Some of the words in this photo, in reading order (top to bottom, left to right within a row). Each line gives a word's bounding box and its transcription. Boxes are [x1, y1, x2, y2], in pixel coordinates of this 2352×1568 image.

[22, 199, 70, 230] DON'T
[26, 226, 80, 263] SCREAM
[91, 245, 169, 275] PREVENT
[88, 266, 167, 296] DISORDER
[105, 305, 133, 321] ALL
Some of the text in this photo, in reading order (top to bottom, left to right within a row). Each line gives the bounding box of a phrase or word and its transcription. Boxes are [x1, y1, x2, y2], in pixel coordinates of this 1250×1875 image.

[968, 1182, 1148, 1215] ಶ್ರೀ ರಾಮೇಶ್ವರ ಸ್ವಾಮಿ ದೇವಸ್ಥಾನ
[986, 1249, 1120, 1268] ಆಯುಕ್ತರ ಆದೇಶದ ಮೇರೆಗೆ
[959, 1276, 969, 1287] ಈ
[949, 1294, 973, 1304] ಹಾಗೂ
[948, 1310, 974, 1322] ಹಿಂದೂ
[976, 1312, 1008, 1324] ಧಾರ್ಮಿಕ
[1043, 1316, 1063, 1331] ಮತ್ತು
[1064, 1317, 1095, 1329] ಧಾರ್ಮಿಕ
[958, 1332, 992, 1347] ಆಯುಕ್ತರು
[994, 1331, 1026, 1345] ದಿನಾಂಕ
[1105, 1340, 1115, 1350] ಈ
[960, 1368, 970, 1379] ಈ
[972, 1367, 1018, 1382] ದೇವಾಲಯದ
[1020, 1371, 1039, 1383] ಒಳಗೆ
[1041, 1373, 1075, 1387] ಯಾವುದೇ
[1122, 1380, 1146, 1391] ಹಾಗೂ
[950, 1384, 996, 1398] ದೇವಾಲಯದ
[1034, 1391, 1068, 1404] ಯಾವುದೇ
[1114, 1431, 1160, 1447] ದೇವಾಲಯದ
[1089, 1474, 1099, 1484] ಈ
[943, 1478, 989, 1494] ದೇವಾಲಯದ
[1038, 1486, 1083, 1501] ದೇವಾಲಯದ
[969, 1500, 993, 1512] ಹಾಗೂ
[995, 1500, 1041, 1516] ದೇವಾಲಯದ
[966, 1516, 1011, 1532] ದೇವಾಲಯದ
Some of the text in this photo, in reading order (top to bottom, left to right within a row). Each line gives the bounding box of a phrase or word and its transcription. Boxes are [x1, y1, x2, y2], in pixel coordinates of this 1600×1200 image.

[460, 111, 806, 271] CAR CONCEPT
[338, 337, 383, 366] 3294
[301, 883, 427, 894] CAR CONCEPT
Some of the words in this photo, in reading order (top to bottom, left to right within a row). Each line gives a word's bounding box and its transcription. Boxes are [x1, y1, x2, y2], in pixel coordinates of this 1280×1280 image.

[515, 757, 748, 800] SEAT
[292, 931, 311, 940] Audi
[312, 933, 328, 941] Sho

■ Exercise objective
Reproduce only the lines running from the one that contains "this 1600×1200 image." to the last line of the records.

■ Output
Some of the text in this photo, in reading order (top to bottom, left to right within a row). Each line gives the bounding box of a phrase or word and its transcription. Boxes are [x1, y1, x2, y2], in pixel coordinates of this 1600×1200 image.

[460, 111, 806, 271] CAR CONCEPT
[338, 337, 383, 366] 3294
[301, 883, 427, 894] CAR CONCEPT
Some of the words in this photo, in reading order (top to bottom, left to right within a row). Each line gives a word's bounding box and its transcription. Boxes are [x1, y1, x2, y2], in pixel coordinates of this 1280×1280 image.

[515, 757, 748, 800] SEAT
[292, 931, 311, 940] Audi
[312, 933, 328, 941] Sho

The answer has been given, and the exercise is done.